Man gets 64 months in prison, supervision for life for child porn

September 16, 2004|By Stephanie Hanes | Stephanie Hanes,SUN STAFF

An Aberdeen man who pleaded guilty last year to possessing child pornography will spend 64 months in prison and then will be supervised for the rest of his life by federal agents, a U.S. District Court judge ruled yesterday.

The strict sentence was hailed by prosecutors, who said it was the first time in Maryland that a federal judge had imposed life supervision in a child pornography case.

Most people are supervised after their prison time for a few years.

But concerns about recidivism among pedophiles has prompted prosecutors and child welfare advocates to push for tougher post-prison sanctions.

"I think the general deterrence message is sent," said Michael Kulstad, a spokesman for the Department of Justice. "And the safety message is sent as well. This man will be supervised for the rest of his life."

Morris Lacy Chapman, 53, a civilian who worked with explosives at Aberdeen Proving Ground, pleaded guilty in December to having 18 pictures depicting a 9-year-old girl in sexually explicit conduct.

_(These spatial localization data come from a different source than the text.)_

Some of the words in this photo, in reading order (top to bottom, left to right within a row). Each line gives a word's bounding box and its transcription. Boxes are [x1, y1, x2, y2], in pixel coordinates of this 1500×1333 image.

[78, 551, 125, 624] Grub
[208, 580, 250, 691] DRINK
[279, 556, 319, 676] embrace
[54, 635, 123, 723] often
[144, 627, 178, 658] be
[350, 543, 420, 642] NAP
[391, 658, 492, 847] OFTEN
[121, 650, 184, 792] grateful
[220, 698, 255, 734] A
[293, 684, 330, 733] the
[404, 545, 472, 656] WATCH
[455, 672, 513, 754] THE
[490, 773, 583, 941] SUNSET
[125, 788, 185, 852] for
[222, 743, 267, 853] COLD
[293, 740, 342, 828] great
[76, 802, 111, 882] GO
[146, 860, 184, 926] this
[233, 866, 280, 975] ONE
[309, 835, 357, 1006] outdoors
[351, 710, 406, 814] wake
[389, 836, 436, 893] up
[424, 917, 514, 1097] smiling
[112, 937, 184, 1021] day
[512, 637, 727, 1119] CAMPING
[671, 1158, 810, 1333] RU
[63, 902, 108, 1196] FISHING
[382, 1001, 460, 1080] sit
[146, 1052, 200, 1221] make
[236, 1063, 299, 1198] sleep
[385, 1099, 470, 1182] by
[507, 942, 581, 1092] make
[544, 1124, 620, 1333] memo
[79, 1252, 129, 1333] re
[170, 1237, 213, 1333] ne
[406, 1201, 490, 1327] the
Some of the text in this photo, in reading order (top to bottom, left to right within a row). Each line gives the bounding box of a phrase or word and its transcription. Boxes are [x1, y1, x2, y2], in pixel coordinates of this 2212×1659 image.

A civilian security officer at the proving ground had found the pictures while clearing out Chapman's locker, prosecutors said.

The officer turned the photographs over to military police, who alerted the FBI.

Prosecutors said Chapman told investigators that he was the man in the pictures, which he had taken with a Polaroid camera in 1979.

Production of child pornography was not a federal crime in 1979, so Chapman could be prosecuted only for possession, prosecutor said.

U.S. District Judge William D. Quarles Jr. handed down Chapman's sentence yesterday at a hearing in the federal courthouse in Baltimore.

Life supervision means that Chapman will be monitored by federal probation officers. If he violates any of the restrictions those officers set up, he could return to prison.

"It sounds to me that there are justifications for the punishment," said Michael Millemann, a professor at the University of Maryland School of Law. "You've got someone who is 53 years old and who has had problems like this during the course of a lifetime."

Neither Chapman nor his defense lawyer could be reached for comment.